In this interview, in-cites correspondent Karen Kreeger talks with Dr. John M. Coffin about his highly cited paper, "HIV population dynamics in vivo—implications for genetic variation, pathogenesis, and therapy," (Science 267[5197]: 483-9, 27 January 1995). According to the ISI Essential Science Indicators Web product, this paper is currently ranked at #12 among Microbiology papers published in the past decade. Dr. Coffin’s record in this field includes 18 papers cited 1,013 times to date. Dr. Coffin is a Distinguished Professor and American Cancer Society Research Professor at Tufts University, as well as the Director of the HIV Drug Resistance Program at the National Cancer Institute.

  How long have you been working in this area, and how did your background provide a context for your highly cited 1995 Science paper?

My research interests had always been centered on retroviruses in general—ever since I was in graduate school in the late 1960s and early 1970s. Until the paper I had been following the HIV field quite closely but I had never done any HIV research in my laboratory. I had, however, done a certain amount of experimentation more than 10 years earlier that drove home, for me at least, the importance of selective forces molding genetic variation in retroviruses. Actually, when the first papers in HIV genetic variation and evolution came out (this was about 10 years before my paper came out), it was quite clear to me that people doing the analyses were getting it quite wrong because they were assuming a neutral evolution model that came to conclusions that were very absurd, for example that all retroviruses evolved from a common ancestor within the last 4,000 years, when we knew that they have been around for at least 1,000 times that long. All this was based on the fact that they were assuming neutral evolution.

The virus is designed to protect itself against all kinds of things we throw at it, much better than almost any infectious agent that we know of. That’s why development of therapeutics and vaccines has been a slow process. It’s been 20-plus years; how many dollars have been spent and how many papers have been published since the beginning of the AIDS pandemic?

The conclusion I came to in what was happening with patients infected with HIV was rather different than with any other virus that was known at the time.
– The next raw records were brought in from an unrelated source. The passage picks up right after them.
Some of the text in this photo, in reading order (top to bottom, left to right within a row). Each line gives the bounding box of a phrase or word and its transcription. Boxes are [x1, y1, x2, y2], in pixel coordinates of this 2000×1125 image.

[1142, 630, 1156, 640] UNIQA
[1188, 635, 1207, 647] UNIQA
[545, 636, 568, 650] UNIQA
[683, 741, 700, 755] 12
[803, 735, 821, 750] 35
This was that HIV must be replicating very rapidly throughout the whole course of infection, and that the latency period was not a period of viral inactivity, but an active process in which cells were being infected and dying at a high rate and in large numbers. This turnover was the only sensible way that one could generate genetic variation and thereby resistance to anti-viral drugs, which was becoming increasingly apparent.

That notion incubated for 10 years. Finally some more direct experiments on the effects of effective therapy, including papers by David Ho and George Shaw, really crystallized everything and motivated me to finally write up all of these thoughts. The paper is not really a research paper so much as a theoretical one. This paper had the same effect on a lot of other researchers, making them think about HIV as a viral population, a very rapidly replicating population that was under the sway of perhaps subtle, but important, selective forces that molded the virus genome. I doubt too many people had thought about it that way before. I think that’s why the paper really caught on. And it came out at about the same time as the papers by Ho and Shaw and collaborators. Although I could have written it without those papers, I think having them tied to it, in a sense, gave it that much more impact. In some ways it became a reference of convenience for a large body of work on the subject. Of course once things get cited a fair amount they take on a life of their own.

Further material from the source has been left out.